▶ TASK DIRECTIONS
The full listing, written out exactly and without images, is the expected result.

[DATASET EXTRACT — start]

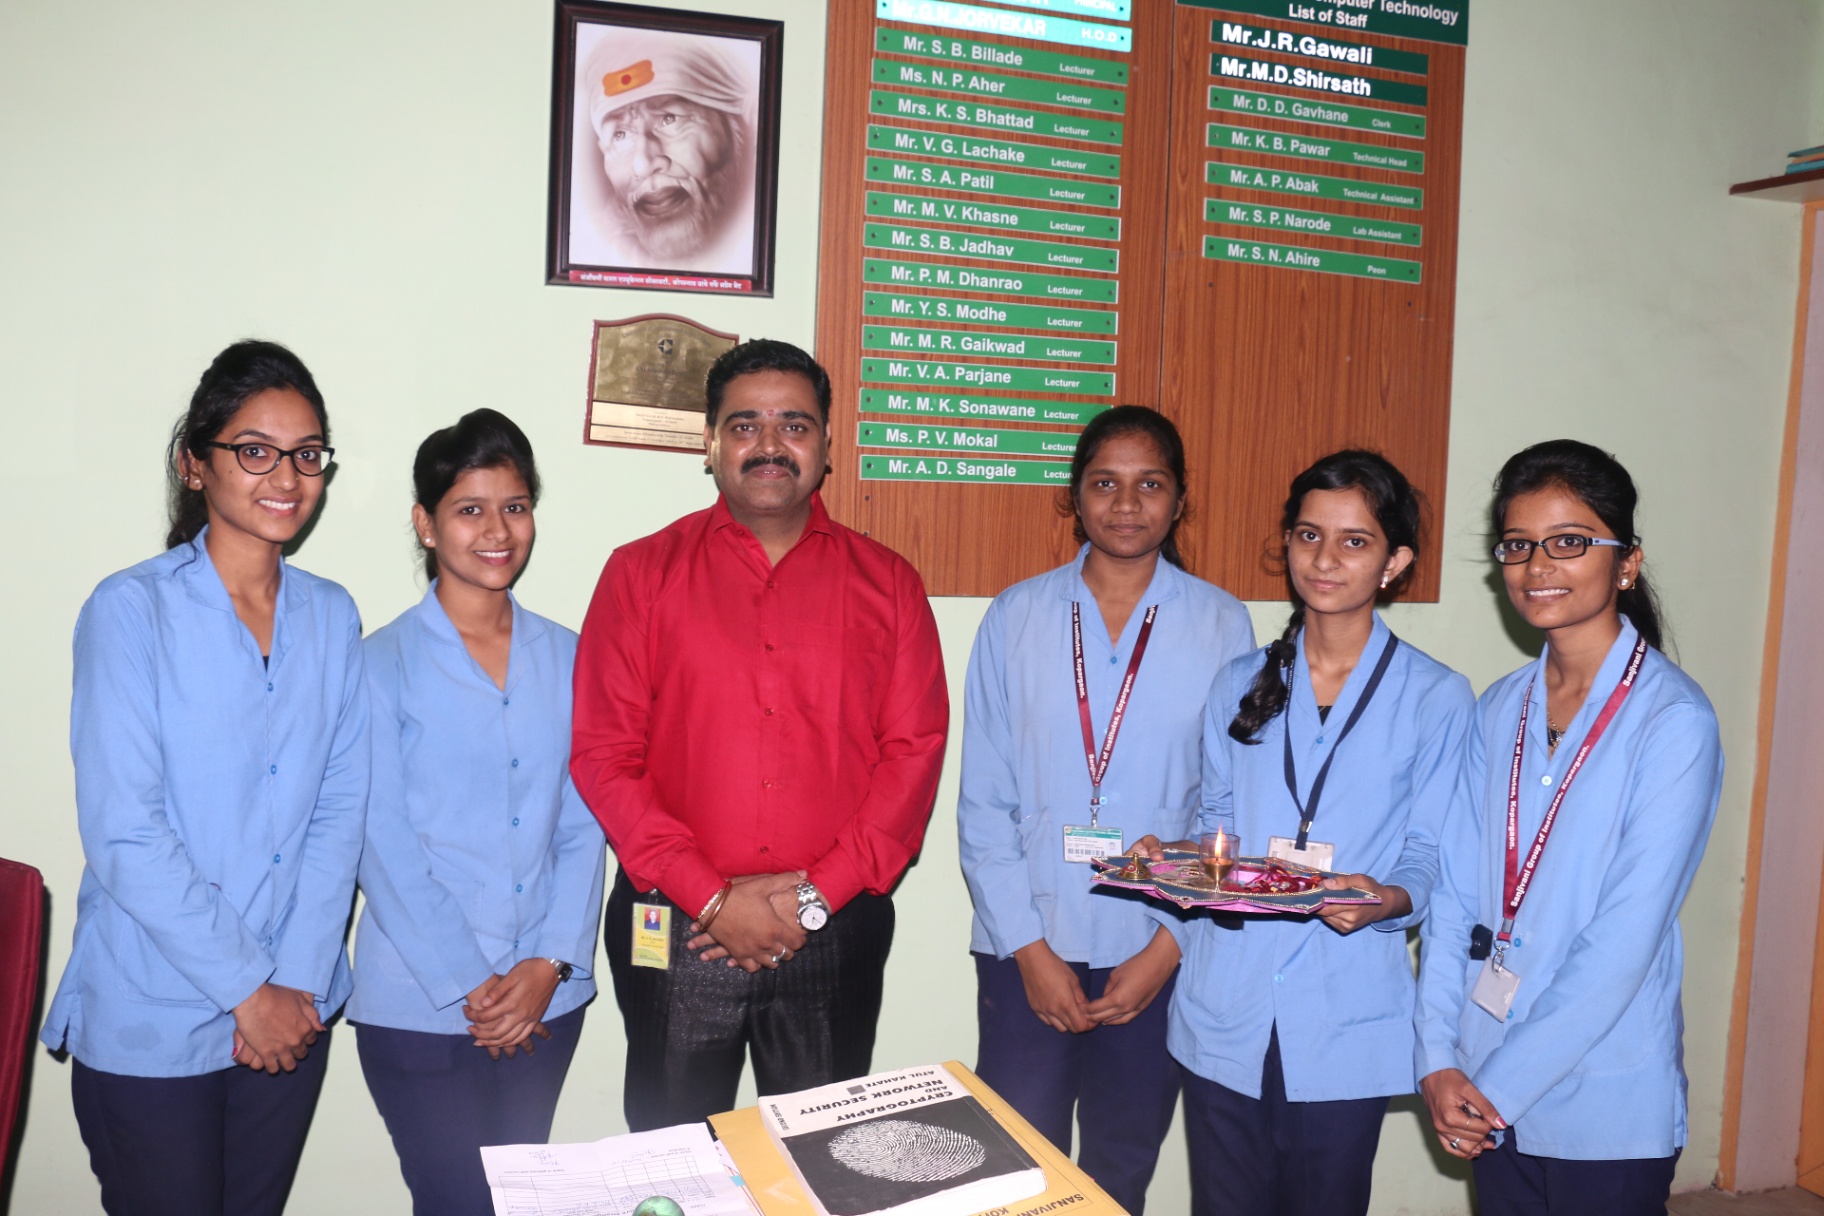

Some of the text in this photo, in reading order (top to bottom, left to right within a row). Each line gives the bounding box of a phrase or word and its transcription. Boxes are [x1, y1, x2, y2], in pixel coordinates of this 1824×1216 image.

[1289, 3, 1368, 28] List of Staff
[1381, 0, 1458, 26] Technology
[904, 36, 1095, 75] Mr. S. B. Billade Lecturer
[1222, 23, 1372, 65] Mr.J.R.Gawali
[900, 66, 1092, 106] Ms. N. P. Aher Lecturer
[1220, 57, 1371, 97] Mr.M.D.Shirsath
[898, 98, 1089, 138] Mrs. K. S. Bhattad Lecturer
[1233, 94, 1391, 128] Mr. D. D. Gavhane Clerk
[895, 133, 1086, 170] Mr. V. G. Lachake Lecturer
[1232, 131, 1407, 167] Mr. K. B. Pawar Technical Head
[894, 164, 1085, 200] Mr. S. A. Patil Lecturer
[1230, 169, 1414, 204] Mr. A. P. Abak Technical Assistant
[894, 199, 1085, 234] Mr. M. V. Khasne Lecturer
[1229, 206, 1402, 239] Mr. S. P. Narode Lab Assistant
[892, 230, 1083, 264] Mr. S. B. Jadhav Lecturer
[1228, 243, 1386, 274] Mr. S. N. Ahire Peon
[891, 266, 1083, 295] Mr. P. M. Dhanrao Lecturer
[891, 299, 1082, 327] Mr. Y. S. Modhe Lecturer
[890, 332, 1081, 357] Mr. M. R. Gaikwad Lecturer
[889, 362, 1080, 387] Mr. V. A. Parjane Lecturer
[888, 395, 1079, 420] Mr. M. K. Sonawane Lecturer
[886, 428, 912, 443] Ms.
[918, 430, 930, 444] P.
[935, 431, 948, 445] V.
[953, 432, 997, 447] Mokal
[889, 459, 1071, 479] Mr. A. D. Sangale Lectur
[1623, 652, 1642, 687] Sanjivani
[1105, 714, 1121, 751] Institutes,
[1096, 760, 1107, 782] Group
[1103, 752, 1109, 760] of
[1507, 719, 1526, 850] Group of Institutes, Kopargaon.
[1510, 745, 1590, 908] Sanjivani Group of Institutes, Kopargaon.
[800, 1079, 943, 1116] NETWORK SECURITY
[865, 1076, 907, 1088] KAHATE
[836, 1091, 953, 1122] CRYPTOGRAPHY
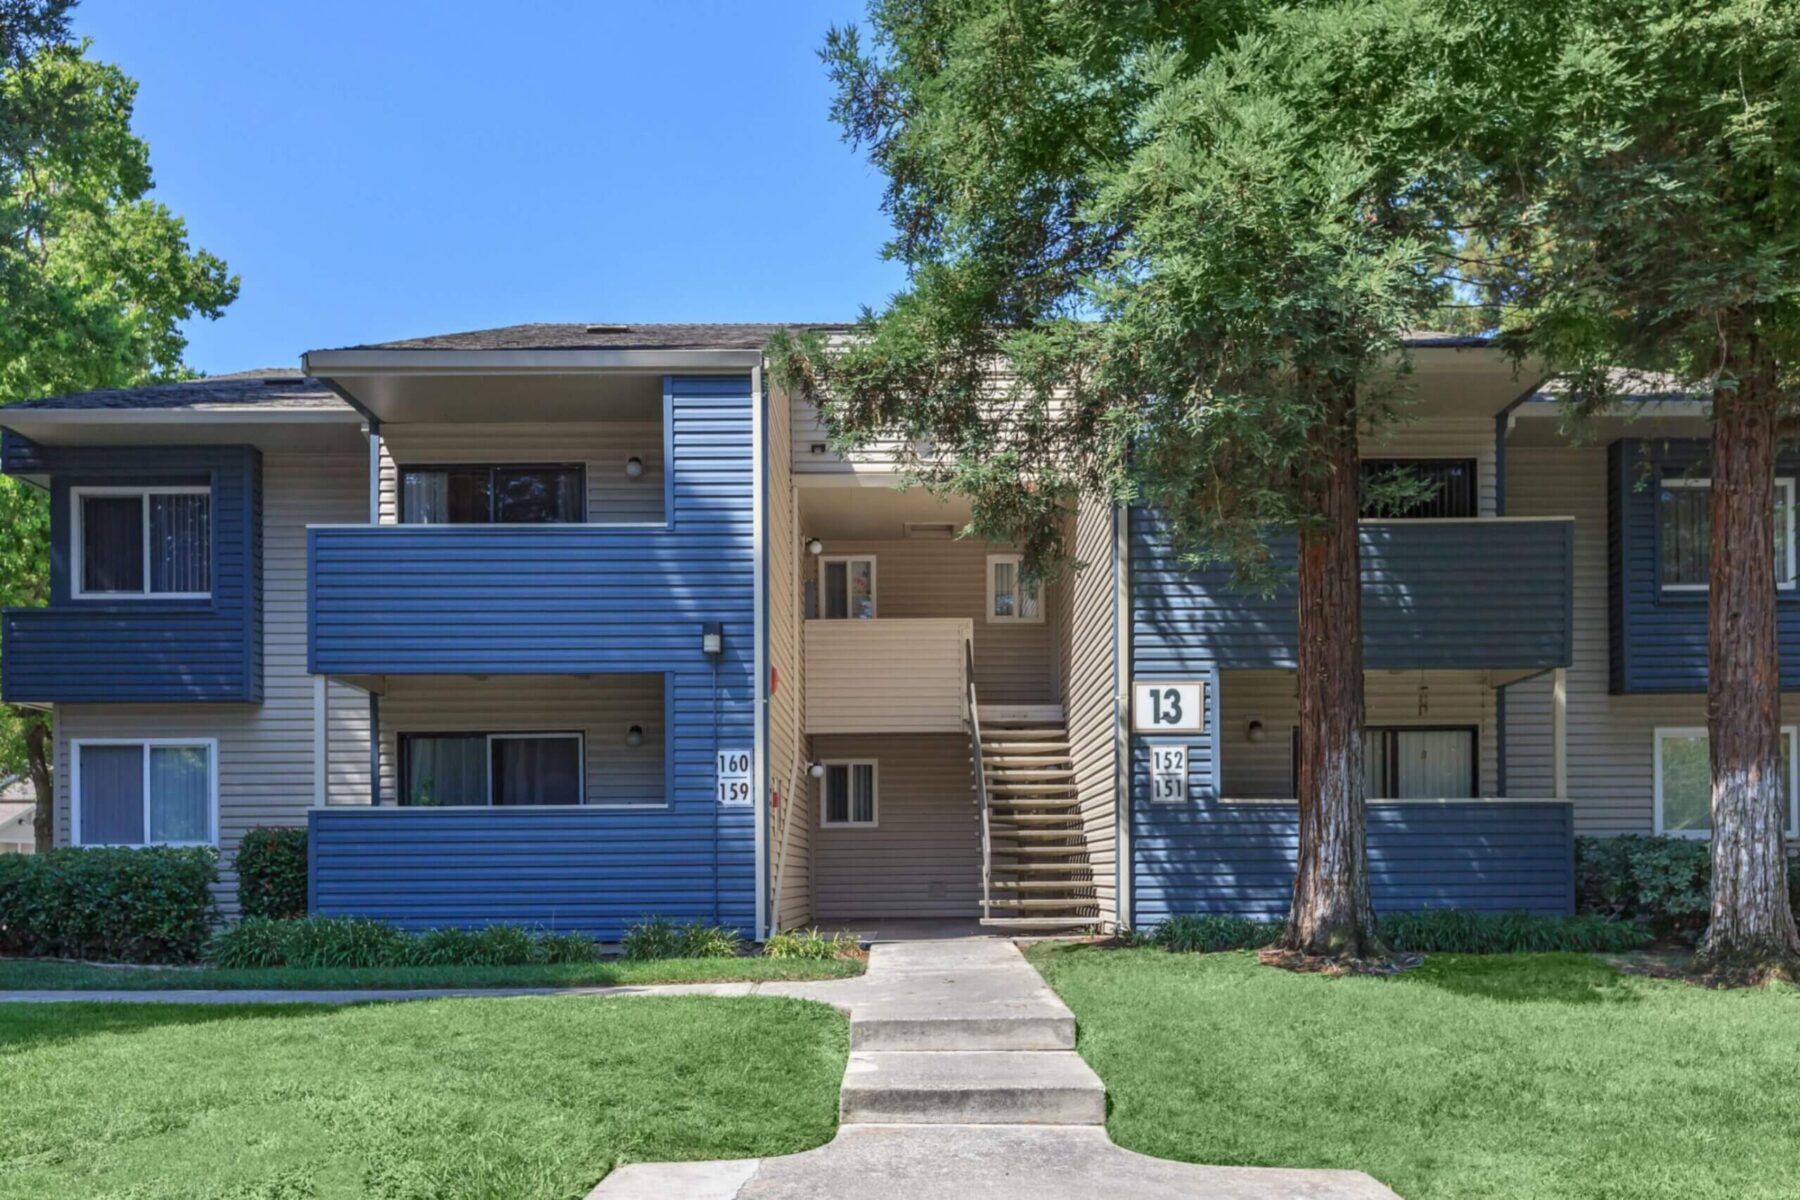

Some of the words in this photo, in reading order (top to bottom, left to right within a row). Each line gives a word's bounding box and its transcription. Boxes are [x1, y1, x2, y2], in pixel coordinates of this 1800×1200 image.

[DATASET EXTRACT — finish]

▶ SOLVED EXERCISE
Some of the text in this photo, in reading order (top to bottom, left to right within a row). Each line gives the bounding box of a phrase or word and its transcription. Boxes are [x1, y1, x2, y2], in pixel coordinates of this 1824×1216 image.

[1289, 3, 1368, 28] List of Staff
[1381, 0, 1458, 26] Technology
[904, 36, 1095, 75] Mr. S. B. Billade Lecturer
[1222, 23, 1372, 65] Mr.J.R.Gawali
[900, 66, 1092, 106] Ms. N. P. Aher Lecturer
[1220, 57, 1371, 97] Mr.M.D.Shirsath
[898, 98, 1089, 138] Mrs. K. S. Bhattad Lecturer
[1233, 94, 1391, 128] Mr. D. D. Gavhane Clerk
[895, 133, 1086, 170] Mr. V. G. Lachake Lecturer
[1232, 131, 1407, 167] Mr. K. B. Pawar Technical Head
[894, 164, 1085, 200] Mr. S. A. Patil Lecturer
[1230, 169, 1414, 204] Mr. A. P. Abak Technical Assistant
[894, 199, 1085, 234] Mr. M. V. Khasne Lecturer
[1229, 206, 1402, 239] Mr. S. P. Narode Lab Assistant
[892, 230, 1083, 264] Mr. S. B. Jadhav Lecturer
[1228, 243, 1386, 274] Mr. S. N. Ahire Peon
[891, 266, 1083, 295] Mr. P. M. Dhanrao Lecturer
[891, 299, 1082, 327] Mr. Y. S. Modhe Lecturer
[890, 332, 1081, 357] Mr. M. R. Gaikwad Lecturer
[889, 362, 1080, 387] Mr. V. A. Parjane Lecturer
[888, 395, 1079, 420] Mr. M. K. Sonawane Lecturer
[886, 428, 912, 443] Ms.
[918, 430, 930, 444] P.
[935, 431, 948, 445] V.
[953, 432, 997, 447] Mokal
[889, 459, 1071, 479] Mr. A. D. Sangale Lectur
[1623, 652, 1642, 687] Sanjivani
[1105, 714, 1121, 751] Institutes,
[1096, 760, 1107, 782] Group
[1103, 752, 1109, 760] of
[1507, 719, 1526, 850] Group of Institutes, Kopargaon.
[1510, 745, 1590, 908] Sanjivani Group of Institutes, Kopargaon.
[800, 1079, 943, 1116] NETWORK SECURITY
[865, 1076, 907, 1088] KAHATE
[836, 1091, 953, 1122] CRYPTOGRAPHY

Some of the words in this photo, in reading order (top to bottom, left to right within a row). Each line gives a word's bounding box and its transcription. Boxes are [x1, y1, x2, y2], in pixel coordinates of this 1800×1200 image.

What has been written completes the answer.